Do outro lado do Sena fica a catedral de Notre-Dame de Paris, mas não é esta que nos interessa. Estamos na Place de l’Hotel de Ville, que se chamava antigamente Place de Grève. A palavra definia, arcaicamente, um terreno plano, composto de gravilha ou areia, junto ao mar ou a um curso de água. Era nessa espécie de praia que os barqueiros do Sena descarregavam mercadorias e foi por isso natural que nesse sítio se instalasse um mercado. Como era fácil encontrar aí trabalho, era na Place de Grève que se reuniam os desempregados a oferecer os seus serviços. Mais tarde, nos finais do século XIX, a palavra “grève” acaba por evoluir para o sentido que hoje se lhe dá: a recusa de trabalhar em ambiente de conflito laboral. Se pensarmos bem, se a praça mudou de nome porque não haveria a palavra de mudar de significado?

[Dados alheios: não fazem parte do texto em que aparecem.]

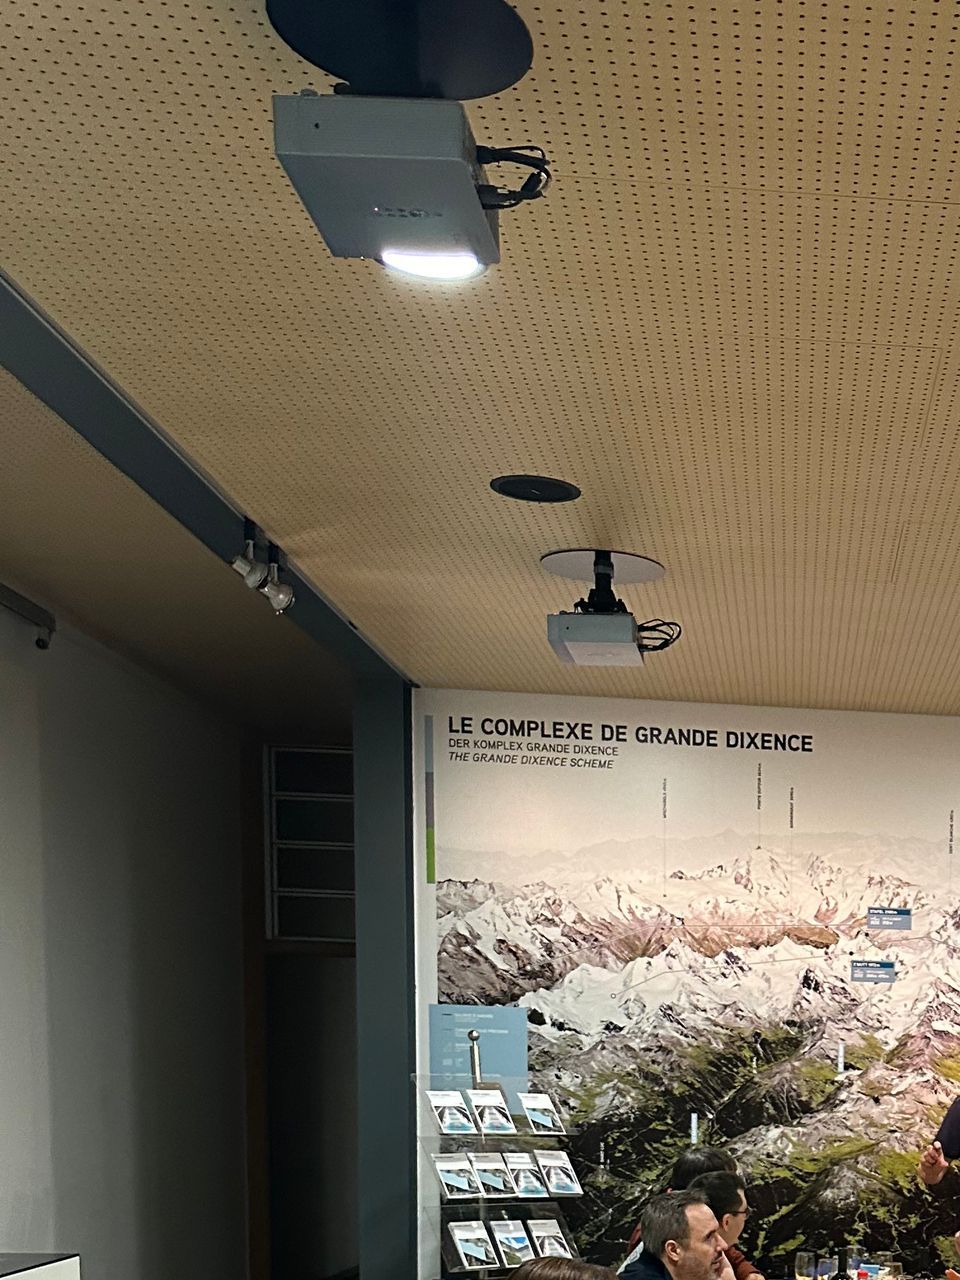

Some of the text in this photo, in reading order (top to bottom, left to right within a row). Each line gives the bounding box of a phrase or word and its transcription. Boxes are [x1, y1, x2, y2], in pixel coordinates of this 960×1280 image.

[448, 716, 813, 752] LE COMPLEXE DE GRANDE DIXENCE
[448, 738, 619, 756] DER KOMPLEX GRANDE DIXENCE
[449, 751, 614, 769] THE GRANDE DIXENCE SCHEME

O direito à greve tinha como justificação ser, na prática, o último argumento dos trabalhadores para obterem melhorias contratuais. A lei civil presumia a igualdade entre as partes na celebração dos contratos, mas no caso dos contratos de trabalho essa presunção não tinha, manifestamente, fundamento. Num tempo em que não existia salário mínimo, nem limite de horas diárias de trabalho, nem férias ou outros descansos que não os impostos pela religião, vingava a lei do mais forte: se o trabalhador queria emprego, tinha de se sujeitar às condições propostas e, se queria ter força para exigir mais precisava dos outros, seus companheiros nas mesmas condições, e tinha a greve como última e única arma. Isto, atenção, em relação ao grosso dos operários, dos indiferenciados, que os que tivessem conhecimentos especializados, ou competências difíceis de obter, beneficiavam, tal como os patrões dos outros, das leis do mercado e podiam exigir os salários que os mecanismos da oferta e da procura lhes permitiam.

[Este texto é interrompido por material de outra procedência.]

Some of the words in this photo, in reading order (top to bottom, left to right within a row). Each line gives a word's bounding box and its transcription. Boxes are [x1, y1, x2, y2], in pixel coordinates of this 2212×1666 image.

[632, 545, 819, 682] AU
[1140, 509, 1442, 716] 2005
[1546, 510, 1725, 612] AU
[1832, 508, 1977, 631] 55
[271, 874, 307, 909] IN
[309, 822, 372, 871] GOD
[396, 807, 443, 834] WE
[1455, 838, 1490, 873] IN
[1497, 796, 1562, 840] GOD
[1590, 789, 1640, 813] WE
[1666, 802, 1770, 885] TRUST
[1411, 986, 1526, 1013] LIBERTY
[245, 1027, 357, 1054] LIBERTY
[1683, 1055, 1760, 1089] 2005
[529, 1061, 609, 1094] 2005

Os juristas sempre tiveram dificuldades em construir uma teoria integrada e coerente do direito à greve, sobretudo depois de a generalidade dos países evoluídos ter integrado nas suas legislações direitos básicos de protecção aos trabalhadores. Afinal, a greve é basicamente um incumprimento contratual e muitas das reivindicações, se justas, têm tutela na lei e nos tribunais. Porquê então fazer greve? Para obter algo que a lei ou os tribunais não podem dar e, por isso, dizem alguns, boa parte das greves são injustas. Não exageremos: a lei estabelece apenas salários mínimos e é legítimo exigir mais do que o mínimo; muitos patrões não cumprem a lei e os tribunais são lentos…

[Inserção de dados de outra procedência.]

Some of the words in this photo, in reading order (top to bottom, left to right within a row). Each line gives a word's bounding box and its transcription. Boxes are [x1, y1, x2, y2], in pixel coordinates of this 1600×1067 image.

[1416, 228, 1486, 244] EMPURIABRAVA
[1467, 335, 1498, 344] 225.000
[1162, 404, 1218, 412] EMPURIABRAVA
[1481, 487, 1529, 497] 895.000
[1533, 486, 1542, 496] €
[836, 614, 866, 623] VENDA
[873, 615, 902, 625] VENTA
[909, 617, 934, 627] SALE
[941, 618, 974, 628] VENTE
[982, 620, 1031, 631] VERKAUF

Seja como for, qualquer greve tem como fundamento uma razão, em sentido próprio, um caso em que o patrão se recusa a cumprir a lei ou em que se procuram vantagens a lei não tutela, mesmo que justas. Muitas são um abuso, uma chantagem sobre o patrão, uma tentativa de coacção onde, sob a ameaça de um mal maior, se procura forçar algo que a justiça não daria. Por exemplo, a greve dos pilotos da TAP.